As the crow flies, crossing from Msasa Park to Railways in Mukandabhutsu is a one-second journey. This is not the case for motorists however, since the two are separated by the Mukuvusi river which until now forced motorists to drive more than 10 kilometres to circumnavigate the river. A group of residents from the area saw an opportunity in this, and have built a small bridge and set up a toll.
Msasa Park is a growing medium-sized suburb while Mukandabhutsu – which loosely translates to ‘throw shoes over’ – is a vibrant settlement that used to be a leisure spot many years back. A 65-year old resident said the name was coined long ago by revellers who used to throw their shoes over the water before crossing.
The Mukuvisi River is long and too wide to cross in a car, or for those on foot, without significant wading. Five locals calling themselves Magariro Co-operative have used basic construction materials to bridge the river and set up a tollgate. Motorists are charged to cross at 50 cents for small cars and a dollar for larger vehicles. For pedestrians, it’s free of charge.
When Harare News visited the site, it was a hive of activity, with pedestrians crossing to and fro freely. But each vehicle was stopped at a boom to pay their dues.
Harare News spoke to the driver of a car who had just paid, and she said local authorities should make proper road infrastructure to link the two settlements. “This is not safe after all, if a flood were to take place, this whole thing could be washed away,” said the motorist who identified herself as Mai Chichi.
“It’s bad, but our choices are limited. If you don’t feel like paying, then you have to drive for hours to get to the other side. Had council made a proper bridge here, these guys wouldn’t have constructed this makeshift one,” she said.

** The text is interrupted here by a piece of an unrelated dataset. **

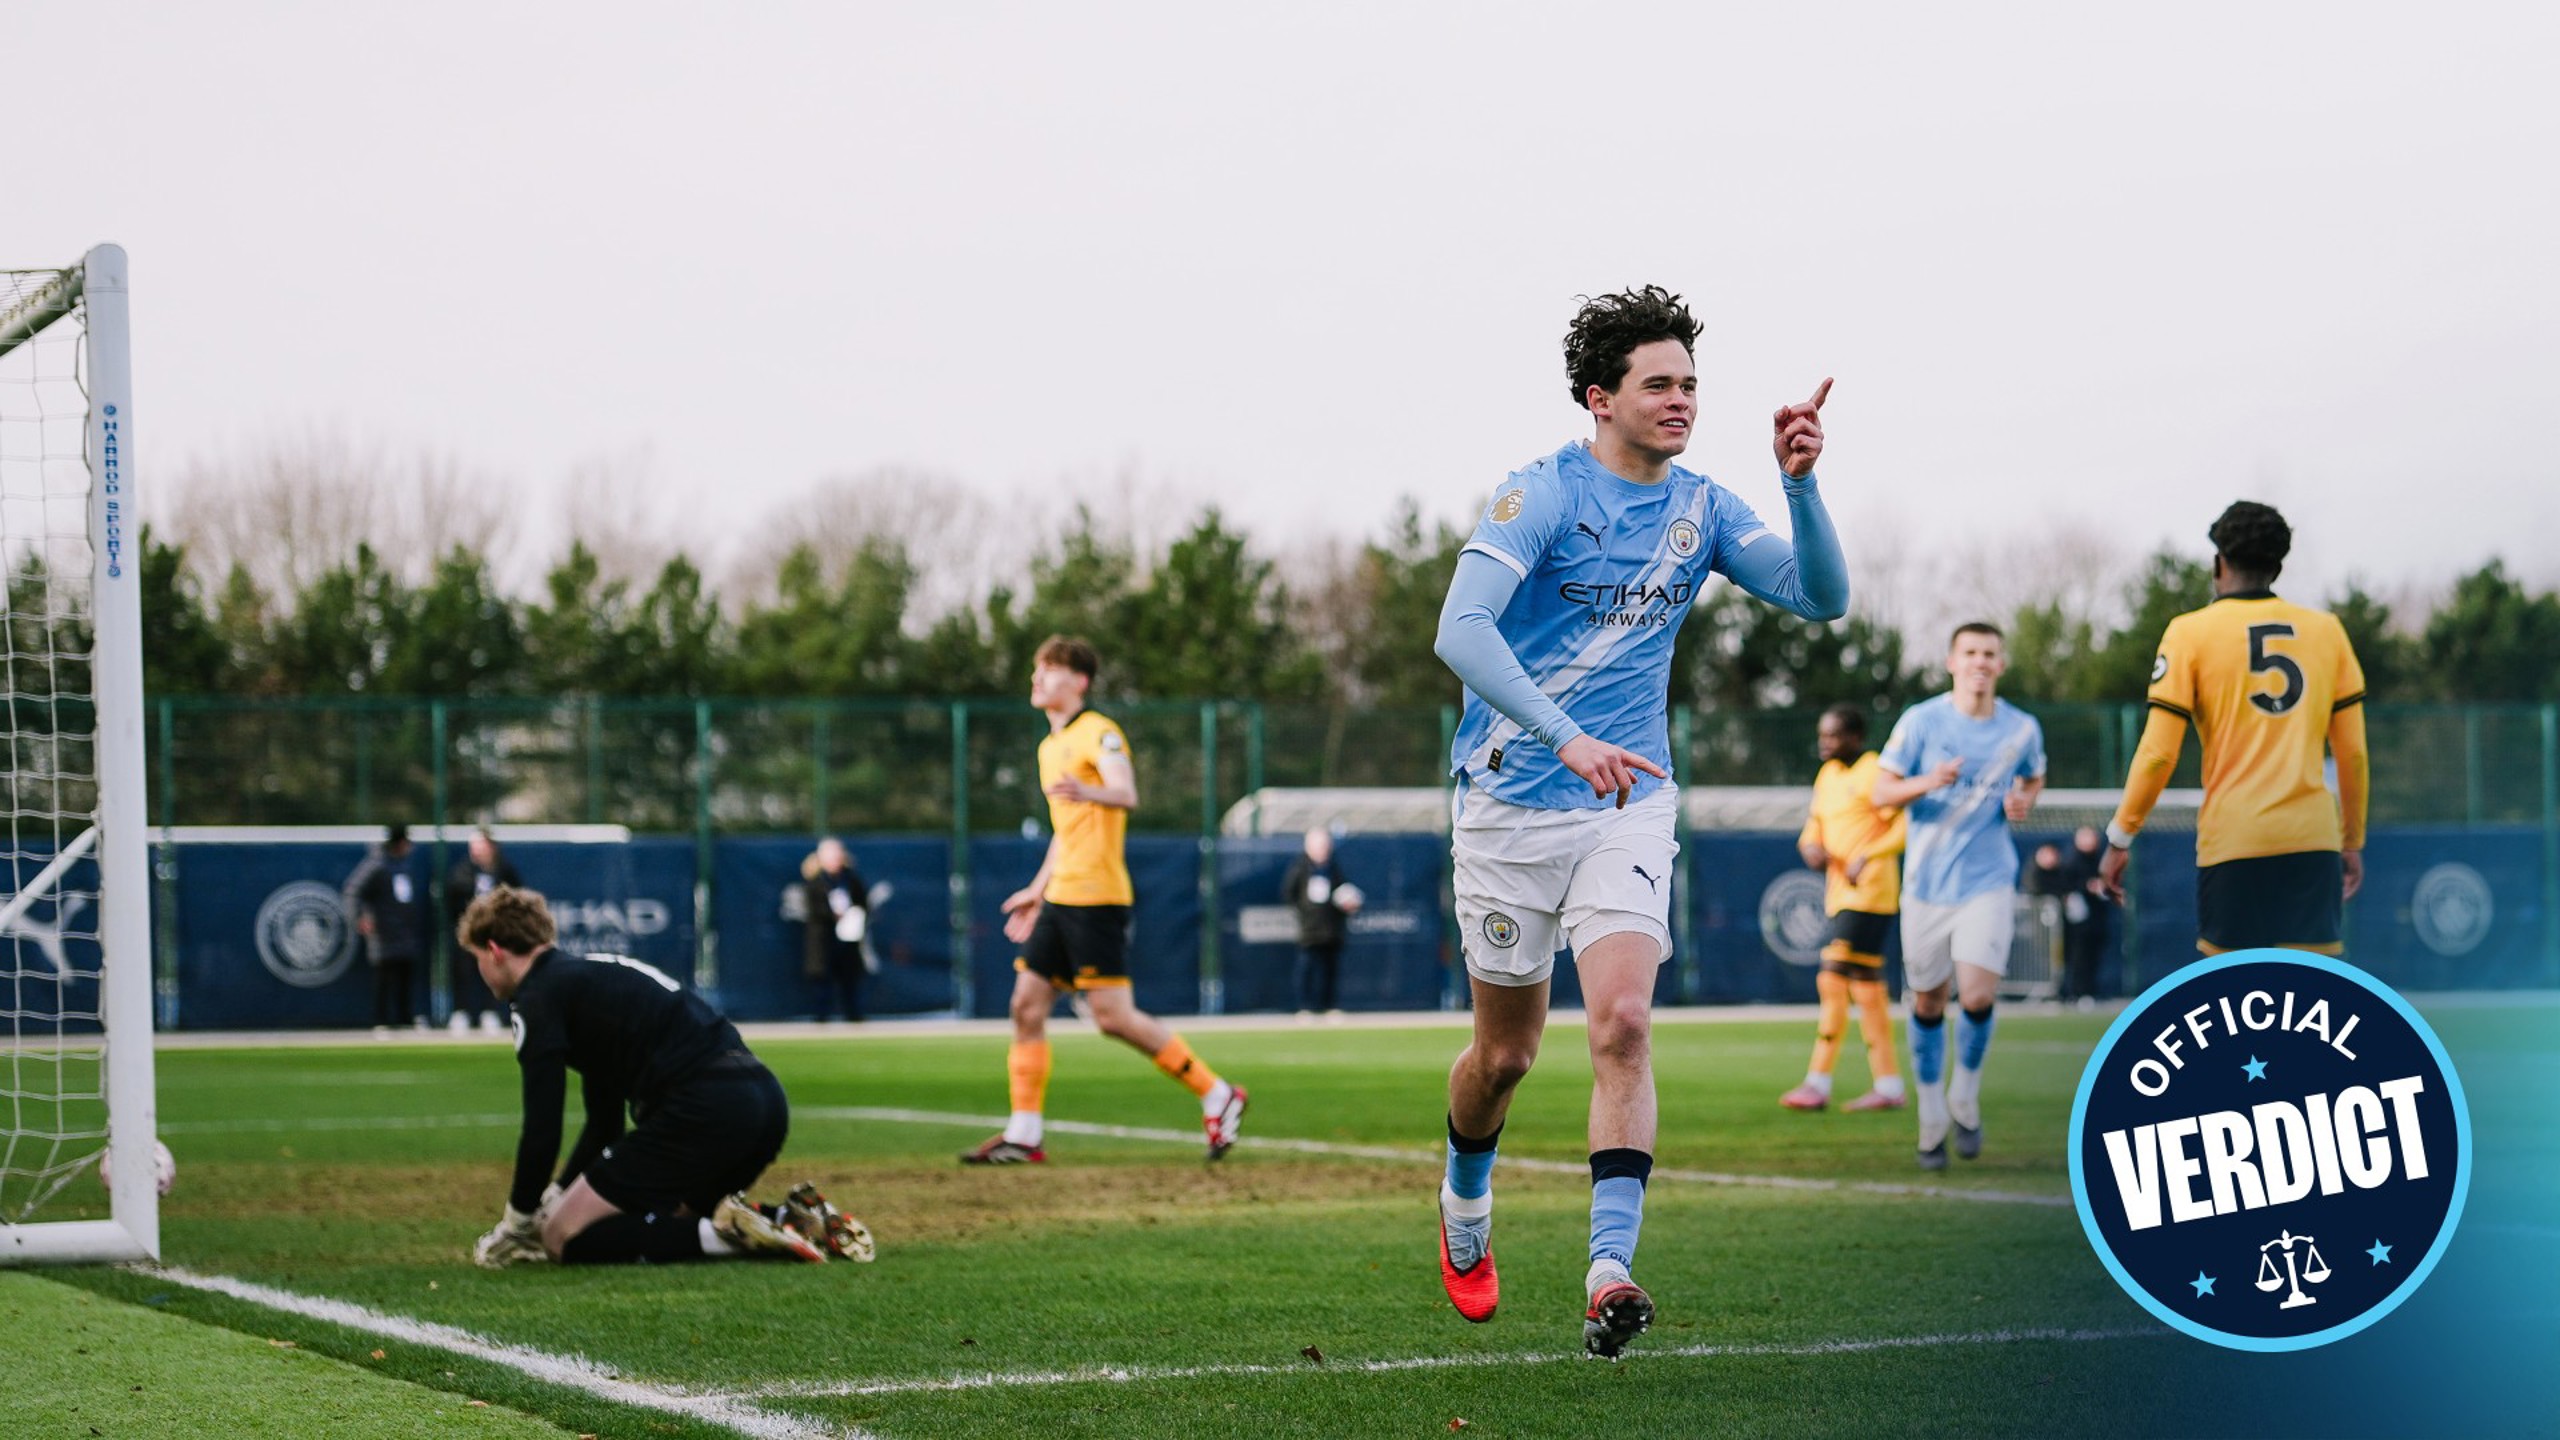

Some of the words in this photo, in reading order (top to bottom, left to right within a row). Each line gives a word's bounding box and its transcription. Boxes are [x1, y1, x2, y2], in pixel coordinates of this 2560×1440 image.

Fellow motorist Jimmy Toziwepi was of the same view. He said that other possible links between the two points were long routes, and costly in terms of fuel consumption. “One has to cover nothing less than 10 kilometres. Motorists have to get into Mutare Road, then Robert Mugabe Road, Glenara Avenue, and then proceed with Chiremba Road, and after kilometres branch off into Msasa Park,” he lamented.
For pedestrians however, the bridge is certainly a welcome development. Felix Machekera, a resident of Mukandabhutsu said that he appreciates the free service. “We used to cross this river using a water pipe on the western end of the settlement, and we are happy to at least have this,” he said.
Speaking to Harare News, one member of Magariro who seemed to be the group leader, said he and his colleagues were simply making a living.
“After noticing that motorists have to endure a long drive to get to the other side, we saw it fit to build this bridge. Of course, we wouldn’t do such a laborious work for nothing, hence, we charge for its use,” said the man, whom was referred to only as Mudhara by his companions.
Harare News was told by a constituent of Ward 9 that their Councillor, Stewart Mutizwa, is involved with the tollgate. Given the authorities’ readiness to clamp down on such ventures, Magariro – which is likely to be a lucrative, tax-free venture – seems to be enjoying some protection.
Councillor Mutizwa said he was aware of the development, but was not connected to it, and did not see any harm in it, as the group was providing a valuable service.
CoH Spokesperson Michael Chideme was evasive, only taking time to condemn the bridge builders. “There is no justification for their actions whatsoever, no person has the right to make bridges or levy road users.”